Qualcomm acusa Apple de “chantagem” e aumenta briga na justiça

Por Redação | 25.05.2017 às 12:18

A batalha judicial entre Apple e Qualcomm pelo pagamento de royalties de tecnologias usadas no iPhone não para de crescer. Agora, a fabricante de chips acusa a Maçã de chantagem, já que ela teria instruído seus parceiros de fabricação que também interrompessem as remessas de dinheiro para a companhia, como uma forma de forçar um acordo.

Os comentários fazem parte de uma extensão no processo, registrada na última semana, que ampliou o litígio a quatro fornecedoras da Apple, entre elas a Foxconn, que trabalha mais ativamente na fabricação de iPhones. A ideia, afirmam os advogados da Qualcomm, é que a Apple estaria usando seu poder e influência para levar o processo a uma situação insustentável, de forma que a fabricante não tenha opção a não ser aceitar um acordo desequilibrado fora dos tribunais.

Segundo a companhia, isso se deve ao fato de que a Apple sabe que está errada e, sendo assim, reconhece que jamais conseguiria um resultado favorável como resultado do processo agora em andamento. O valor que estaria sendo “segurado” pelas fornecedoras foi mantido em sigilo, a pedido das duas empresas, mas as cifras ultrapassariam as dezenas de milhões de dólares.

Além disso, os advogados citam declarações públicas de executivos da Apple, como as do próprio CEO Tim Cook, como uma amostra de que a companhia não está disposta a negociar caso os termos não lhe sejam favoráveis. No processo, movido em janeiro, a Qualcomm pede US$ 1 bilhão em reparações pelo uso não licenciado de tecnologias em alguns dos principais produtos da Maçã, como iPhones e iPads.

Após falhar em chegar a um acordo com a Qualcomm no início do ano, a Apple afirmou publicamente que começaria a reter todos os pagamentos de royalties que estariam destinados a ela.

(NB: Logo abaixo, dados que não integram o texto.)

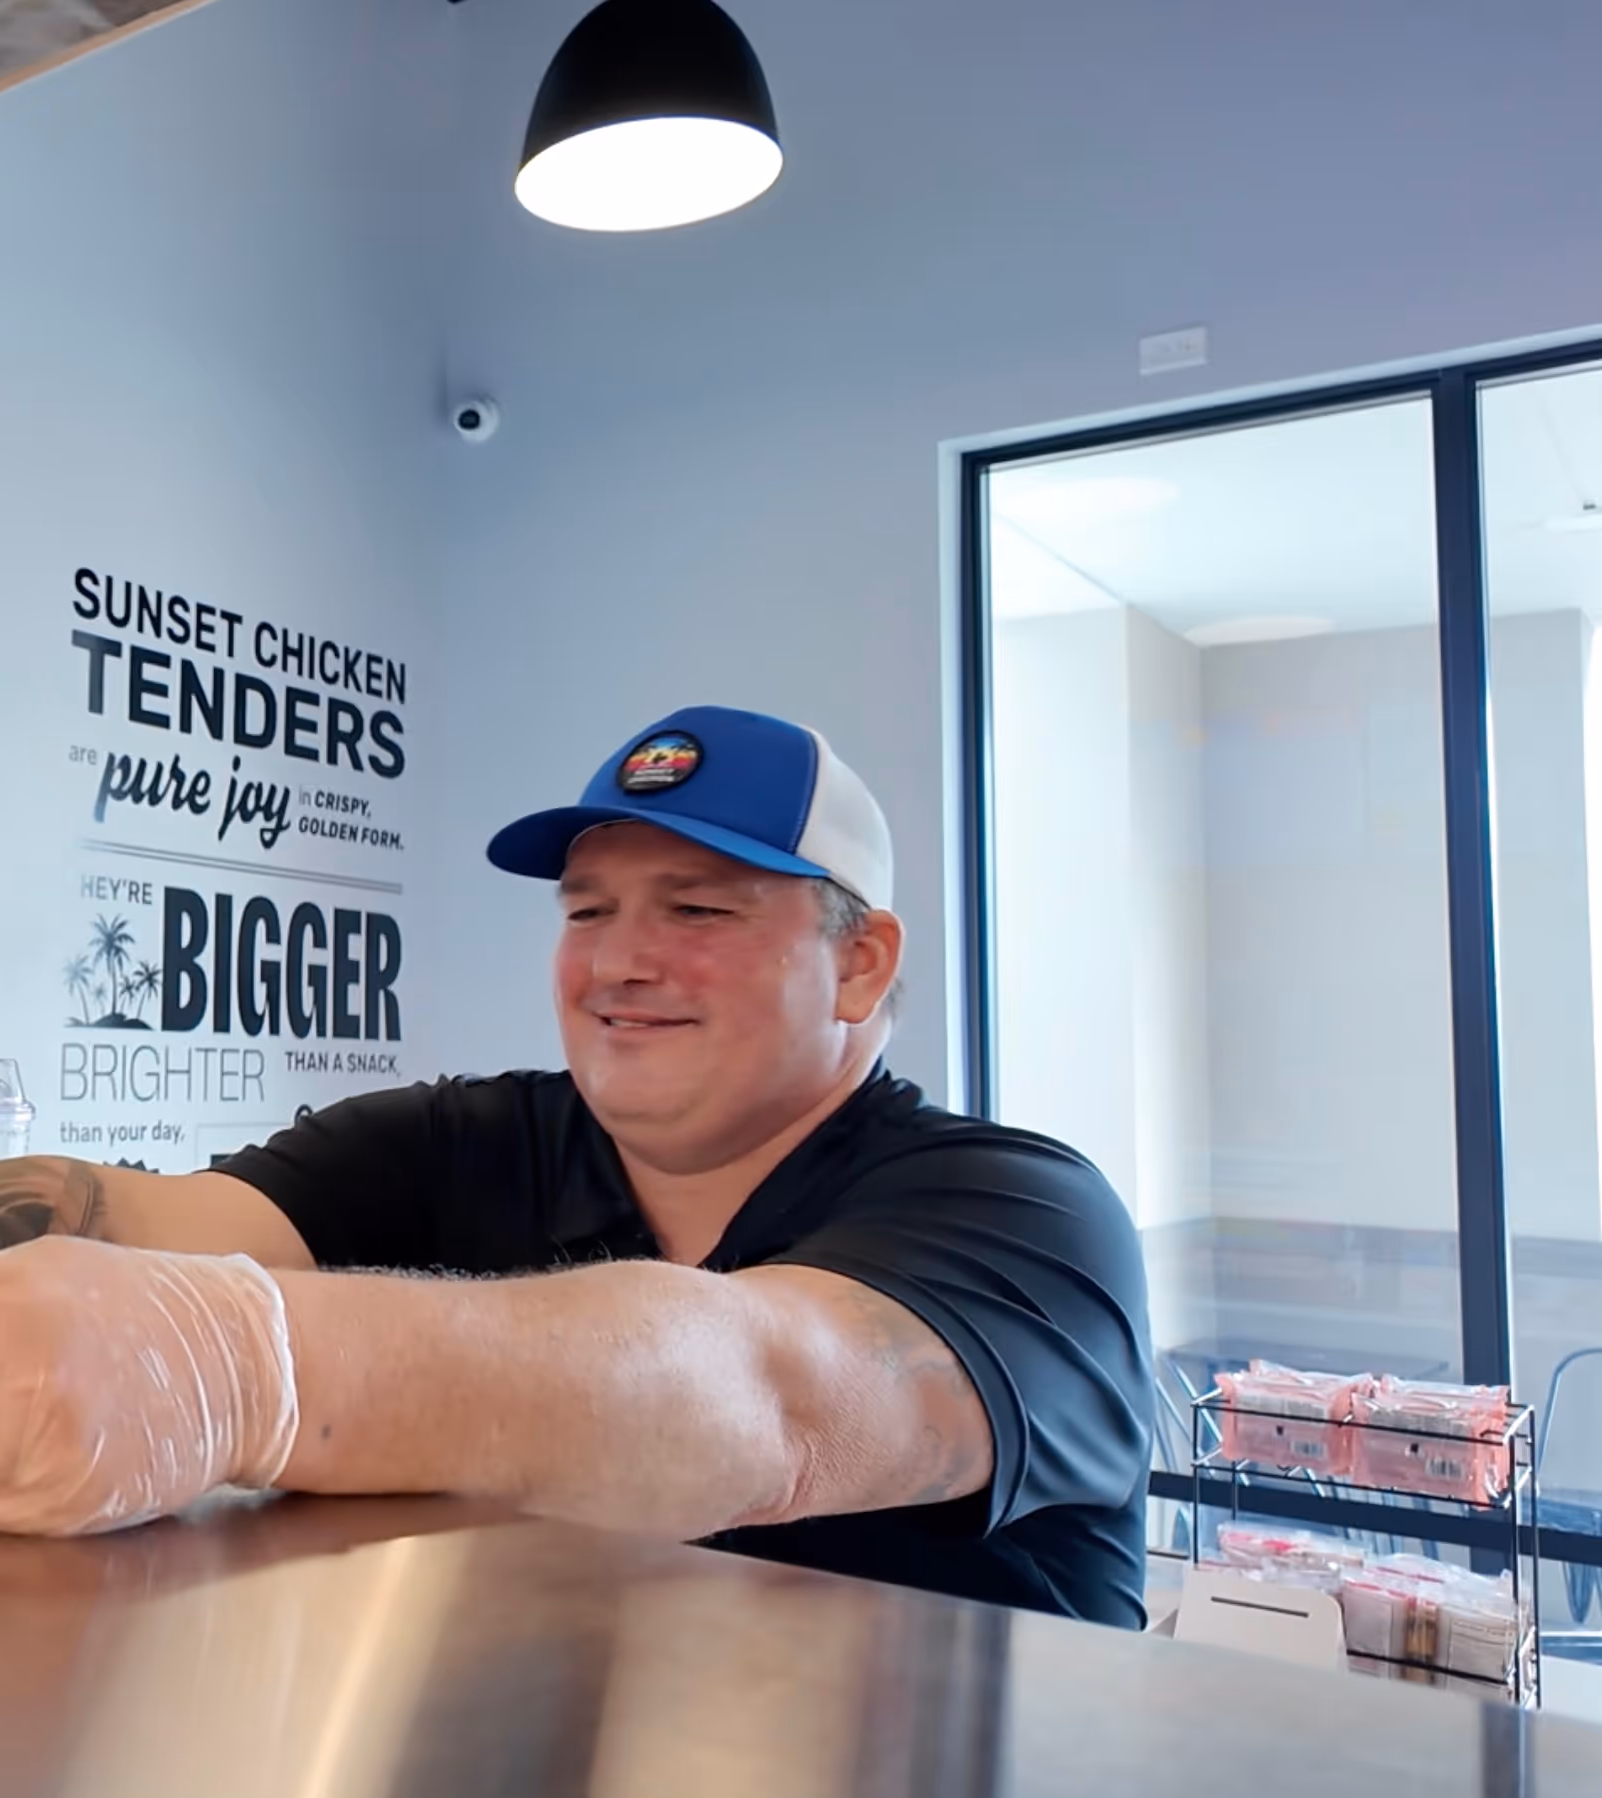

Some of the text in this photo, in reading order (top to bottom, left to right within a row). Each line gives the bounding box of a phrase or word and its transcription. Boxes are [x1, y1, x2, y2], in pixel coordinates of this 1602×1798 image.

[72, 567, 406, 705] SUNSET CHICKEN
[71, 628, 405, 779] TENDERS
[68, 744, 98, 766] are
[93, 752, 211, 824] pure
[218, 755, 291, 850] joy
[298, 816, 359, 843] GOLDEN
[161, 886, 402, 1041] BIGGER
[60, 1042, 265, 1102] BRIGHTER
[285, 1051, 329, 1072] THAN
[333, 1051, 343, 1073] A
[60, 1119, 185, 1148] than your day,

Nas palavras de Cook, a fabricante estaria cobrando valores abusivos por suas tecnologias, que nem seriam uma parte tão integrante ou importante assim dos iPhones, apesar das declarações da rival.

O presidente executivo disse que a Apple paga cerca de cinco vezes mais do que as concorrentes pelo mesmo tipo de tecnologia, uma vez que os cálculos da Qualcomm levam em conta o valor de venda dos dispositivos licenciados, e não a participação de suas tecnologias em sua fabricação. O executivo não nega a necessidade de pagamento, mas cita os valores como exagerados e afirmou que nenhum valor será transferido enquanto as companhias não chegarem a um acordo.

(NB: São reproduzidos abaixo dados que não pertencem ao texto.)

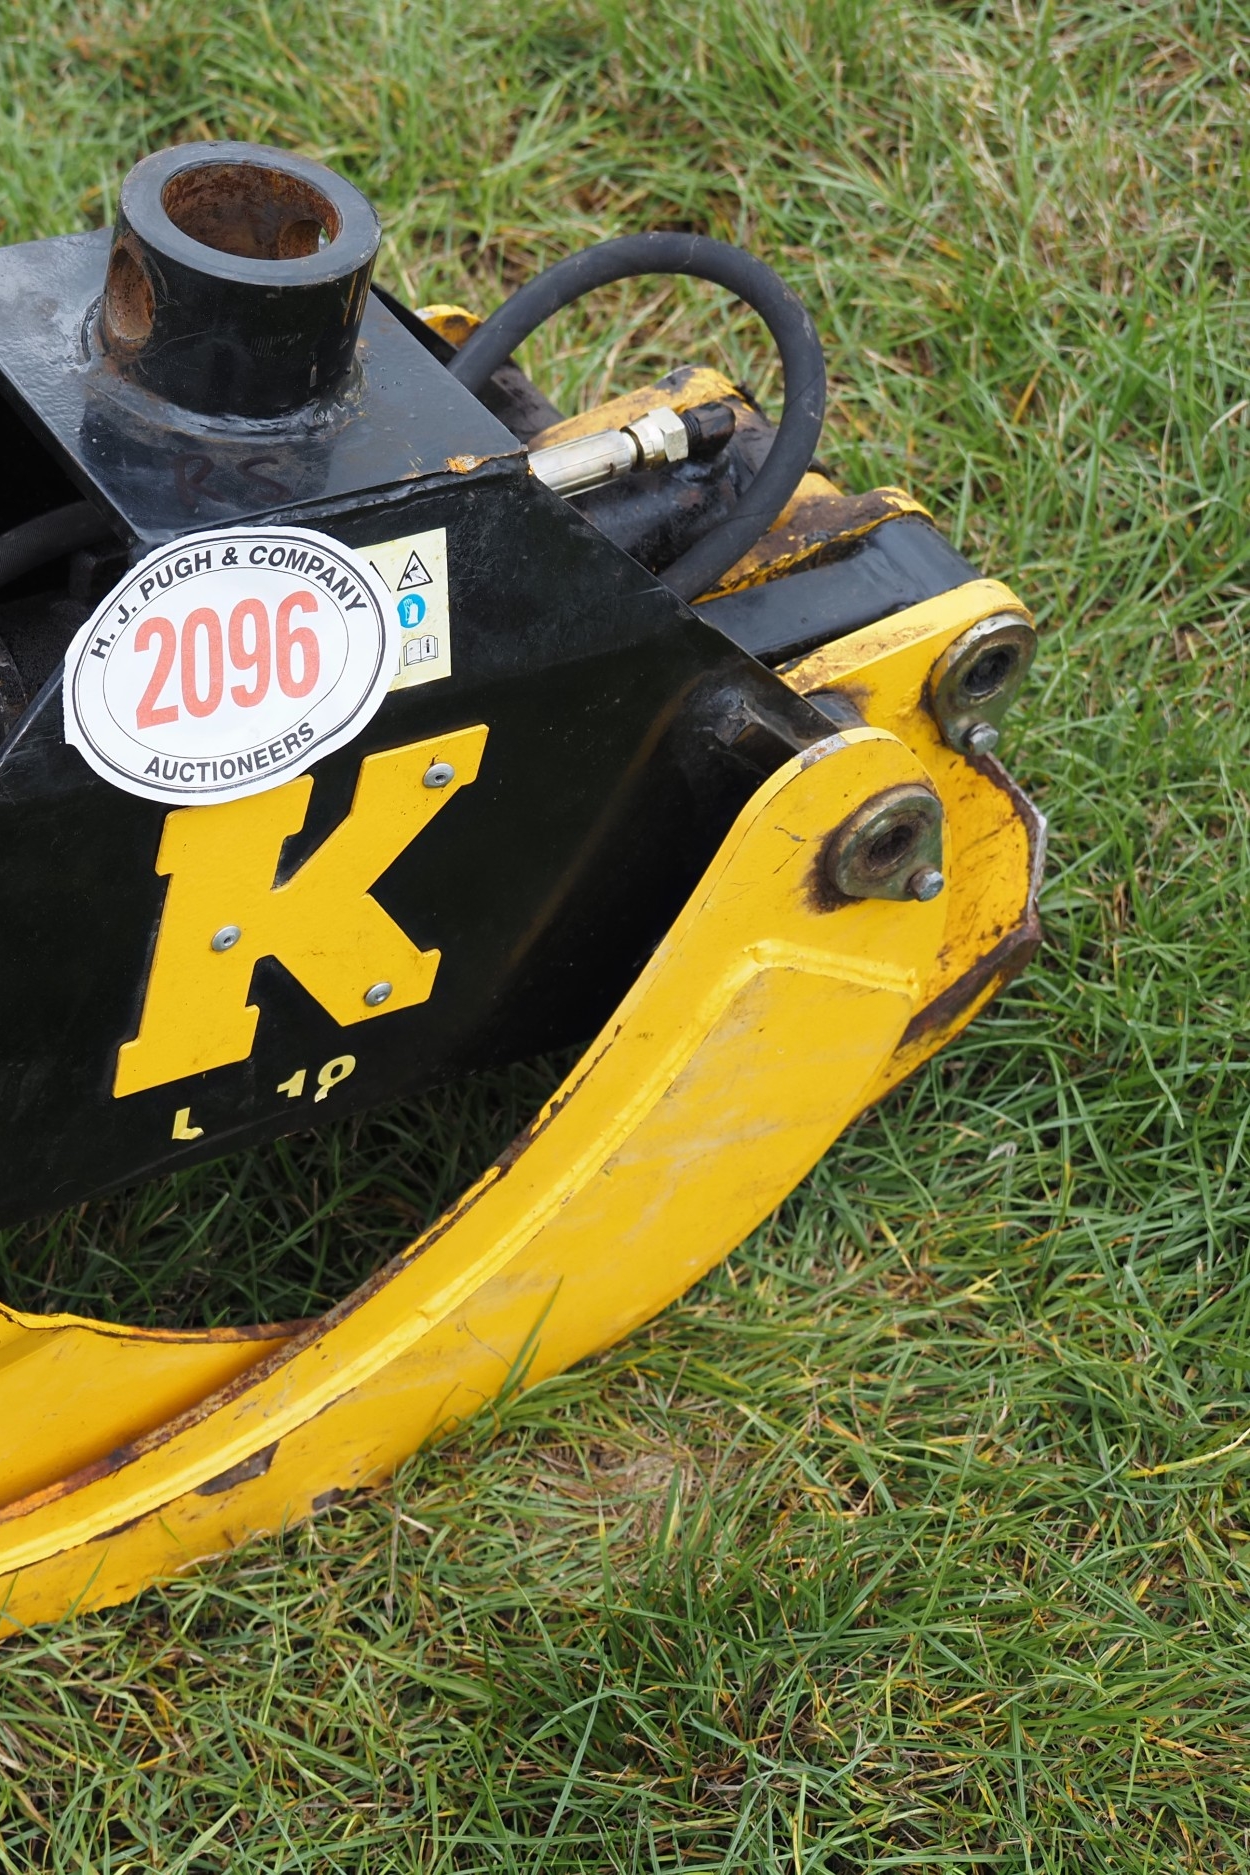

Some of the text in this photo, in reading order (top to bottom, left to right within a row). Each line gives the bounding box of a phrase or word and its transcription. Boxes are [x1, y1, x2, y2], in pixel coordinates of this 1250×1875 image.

[90, 545, 368, 660] H. J. PUGH & COMPANY
[133, 590, 321, 731] 2096
[143, 722, 316, 783] AUCTIONEERS
[112, 723, 490, 1099] K

Essa postura, agora, parece estar sendo estendida também a toda a cadeia de produção do iPhone, o que teria levado ao rompimento dos contratos entre a Qualcomm e as fornecedoras. A fabricante calcula que, ao longo de todo o processo, pelo menos alguns bilhões em royalties não serão pagos, causando grande dano ao faturamento e desempenho da empresa no mercado.

Agora, ela deseja, judicialmente, forçar os fornecedores a realizarem tais pagamentos – uma briga entre peixes menores, com maior possibilidade de sucesso. Enquanto isso, mantém seus apelos à justiça americana para que barre as importações do iPhone, efetivamente impedindo a venda de novos modelos nos EUA, com base em leis de licenciamento do país. Se aceito, o pedido pode ter impacto violento no lançamento do tão comentado iPhone 8, que chegaria às prateleiras no final deste ano.